In an initial test, he sequenced Escherichia coli, generating 5 gigabases of sequence data with a mean read of 33.3 kb, with the longest read stretching to 778 kb.
He said that the group has also begun using the protocol to sequence a human genome as part of the Nanopore Human Genome Consortium that consists of groups from seven laboratories in the UK, US, and Canada. The group initially presented data from their work at an Oxford Nanopore-sponsored workshop and in a publication on the BioRxiv server and published their results in Nature Biotechnology.
In that work, the researchers generated 5x coverage of the human genome using the ultra-long read protocol, obtaining an N50 read length of 99.8 kb. Adding the ultra-long reads to the rest of the data — approximately 30x coverage of the genome — increased the contig N50 to 6.1 megabases from 4.3 megabases.
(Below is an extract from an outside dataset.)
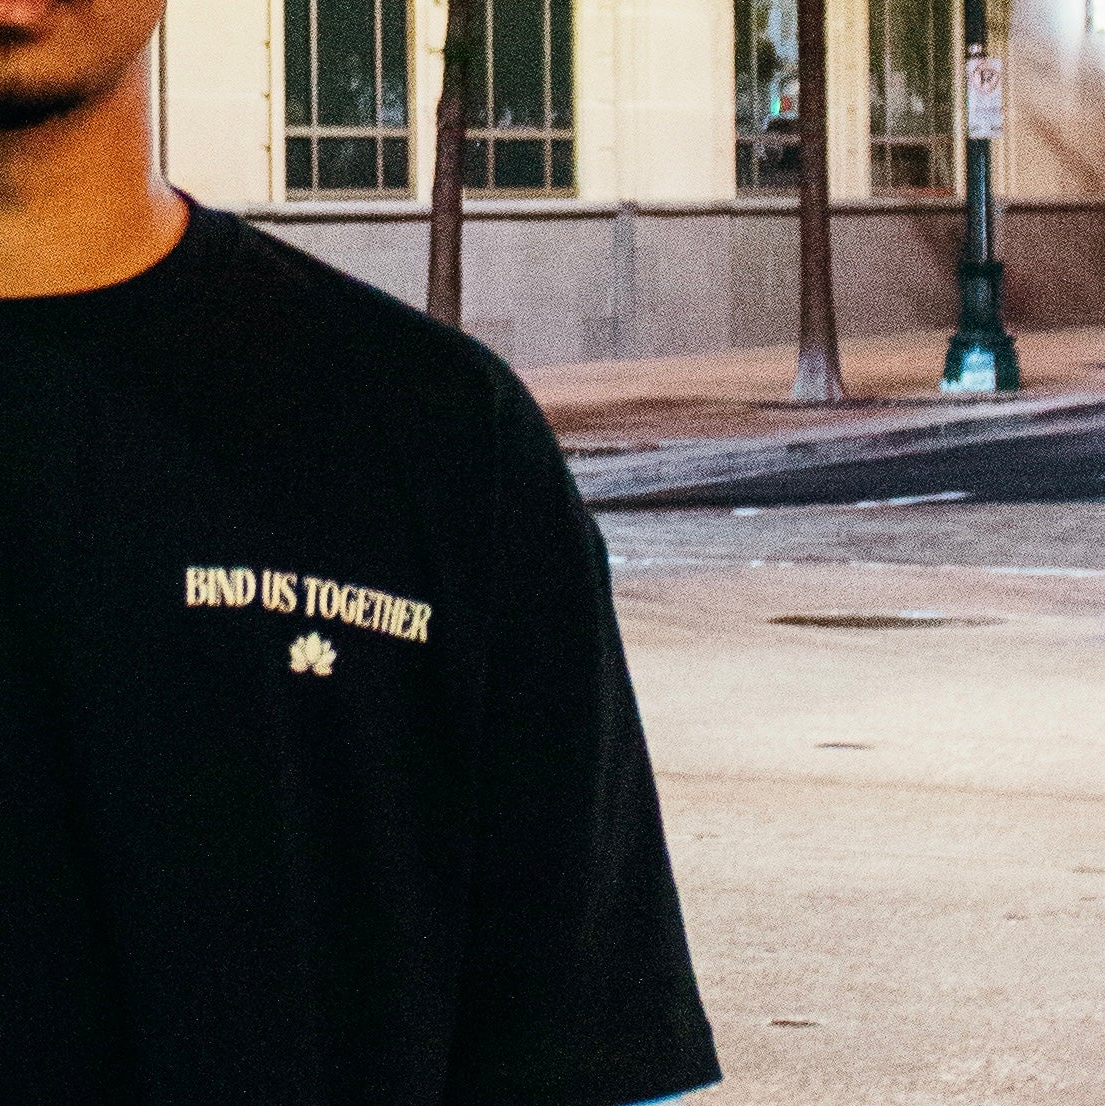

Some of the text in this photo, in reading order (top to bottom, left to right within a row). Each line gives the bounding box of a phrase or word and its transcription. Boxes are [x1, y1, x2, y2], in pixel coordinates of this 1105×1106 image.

[186, 566, 432, 643] BIND US TOGETHER
Since then, Quick said the group has continued to improve on the dataset and now has around 10x coverage using the ultra-long protocol. That has further improved the contig N50 to 10.2 megabases, he said.
Quick noted that there has been somewhat of a competition among researchers working on the MinIon to generate the longest read length. Currently, he said the record is 1.2 megabases. However, he noted that perhaps the more important metric is the N50, since it is indicative of the entire dataset, rather than just a small number of reads. The current record for that is at 127 kb, he said, but predicted that in the future long reads would routinely be generated for samples and for other sample types, such as metagenomes.
Already, some researchers are working on using nanopore sequencing for metagenomics. Ken McGrath at the Australian Genome Research Facility discussed his lab's early-access use of the PromethIon, a nanopore instrument with 48 flow cells that Oxford Nanopore recently made commercially available. McGrath said that after some initial technical problems with connecting it to the server and causing the lab's network to shut down, which he ultimately said was perhaps his fault for not reading the manual, the lab has gotten it up and running.
McGrath said he is currently using the instrument as part of the Metagenomics Research Group, and as part of work for that consortium he has used it to sequence a control sample of 10 organisms. That sample can be used he said as a spike-in control or to evaluate sequencing platforms.
In comparing the PromethIon with the Illumina HiSeq, the PromethIon generated 198,000 mapped reads to Illumina's 29 million. But, the types of reads were very different. While Illumina sequencing, due to the sheer volume of reads it generates, would be better for identifying rare organisms in a sample, the PromethIon, due to its longer reads, has higher resolution, McGrath said.
"Shorter reads can't always be assigned to a taxonomic unit," he said, and may not be able to identify organisms down to the species level, while the longer nanopore reads enabled species identification.
In addition, sequencing is fast on the PromethIon. He evaluated the data over time and found that "within one minute we had generated the general picture of what was in the sample," albeit with noisy data. After 10 minutes, there was "essentially no change."